REQUIRED WORK: Please copy all of the entries exactly, but drop every picture.

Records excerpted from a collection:
=====
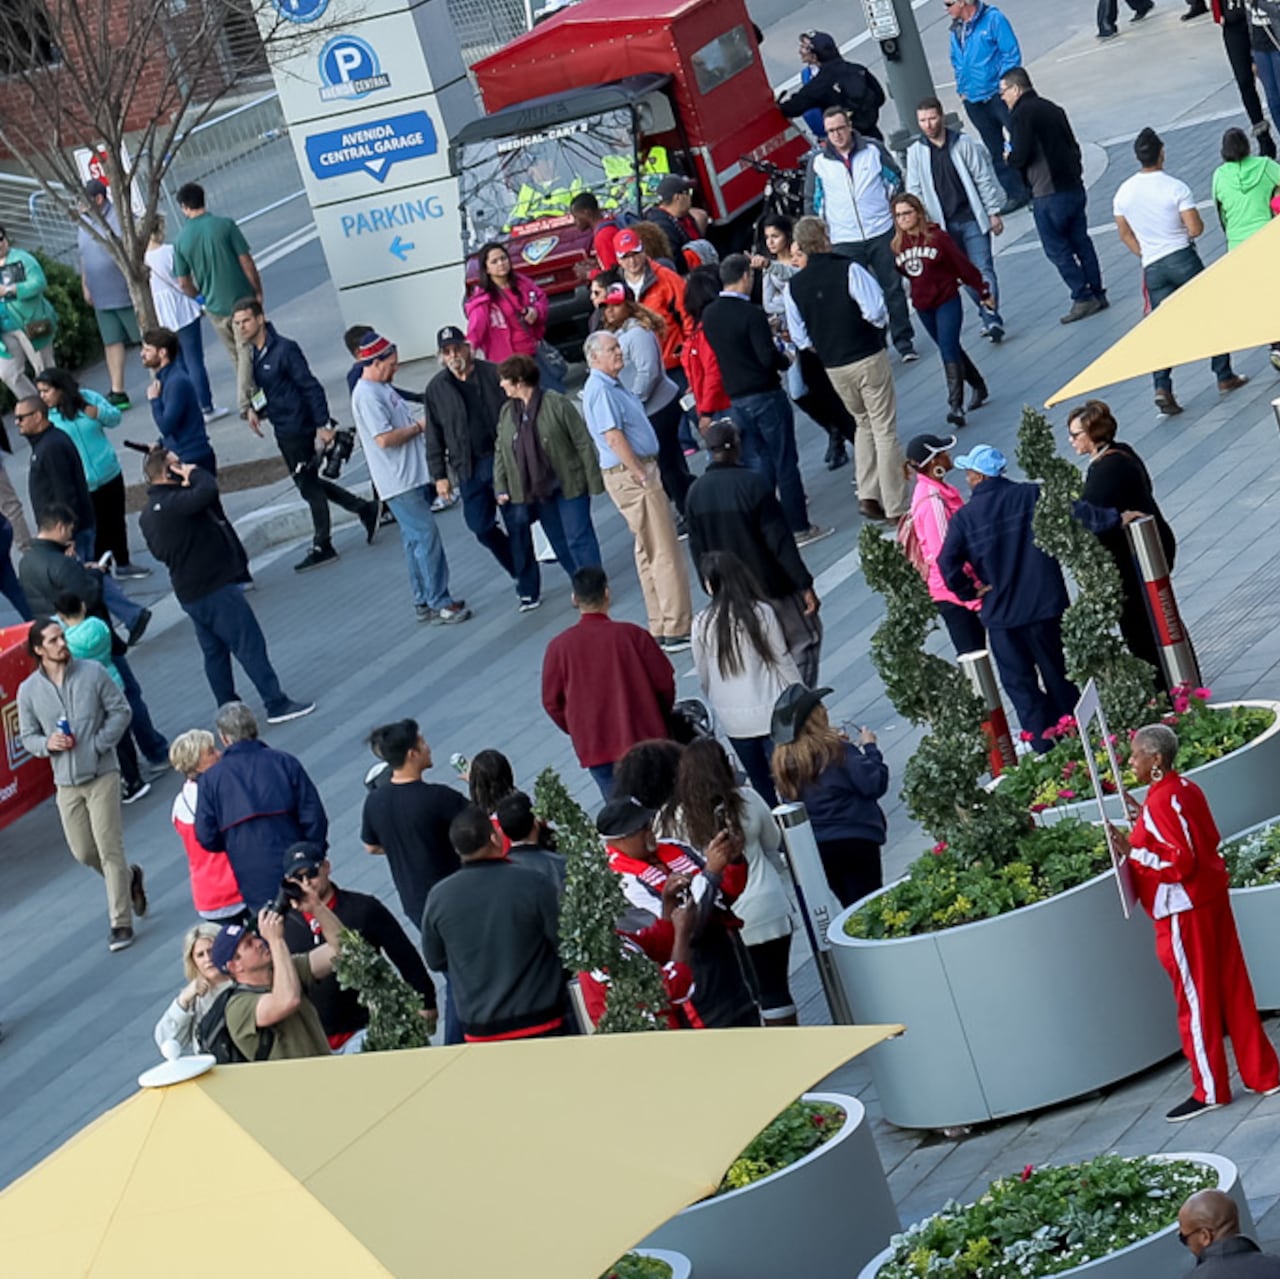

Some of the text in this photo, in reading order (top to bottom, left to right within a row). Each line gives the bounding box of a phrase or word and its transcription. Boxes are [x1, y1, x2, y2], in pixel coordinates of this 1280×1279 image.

[333, 47, 362, 83] P
[353, 73, 391, 96] CENTRAL
[341, 124, 395, 147] AVENIDA
[497, 134, 546, 154] MEDICAL
[319, 131, 425, 167] CENTRAL GARAGE
[341, 195, 445, 238] PARKING
[894, 246, 939, 268] HARVARD
=====
ANSWER BOX:
Some of the text in this photo, in reading order (top to bottom, left to right within a row). Each line gives the bounding box of a phrase or word and its transcription. Boxes are [x1, y1, x2, y2], in pixel coordinates of this 1280×1279 image.

[333, 47, 362, 83] P
[353, 73, 391, 96] CENTRAL
[341, 124, 395, 147] AVENIDA
[497, 134, 546, 154] MEDICAL
[319, 131, 425, 167] CENTRAL GARAGE
[341, 195, 445, 238] PARKING
[894, 246, 939, 268] HARVARD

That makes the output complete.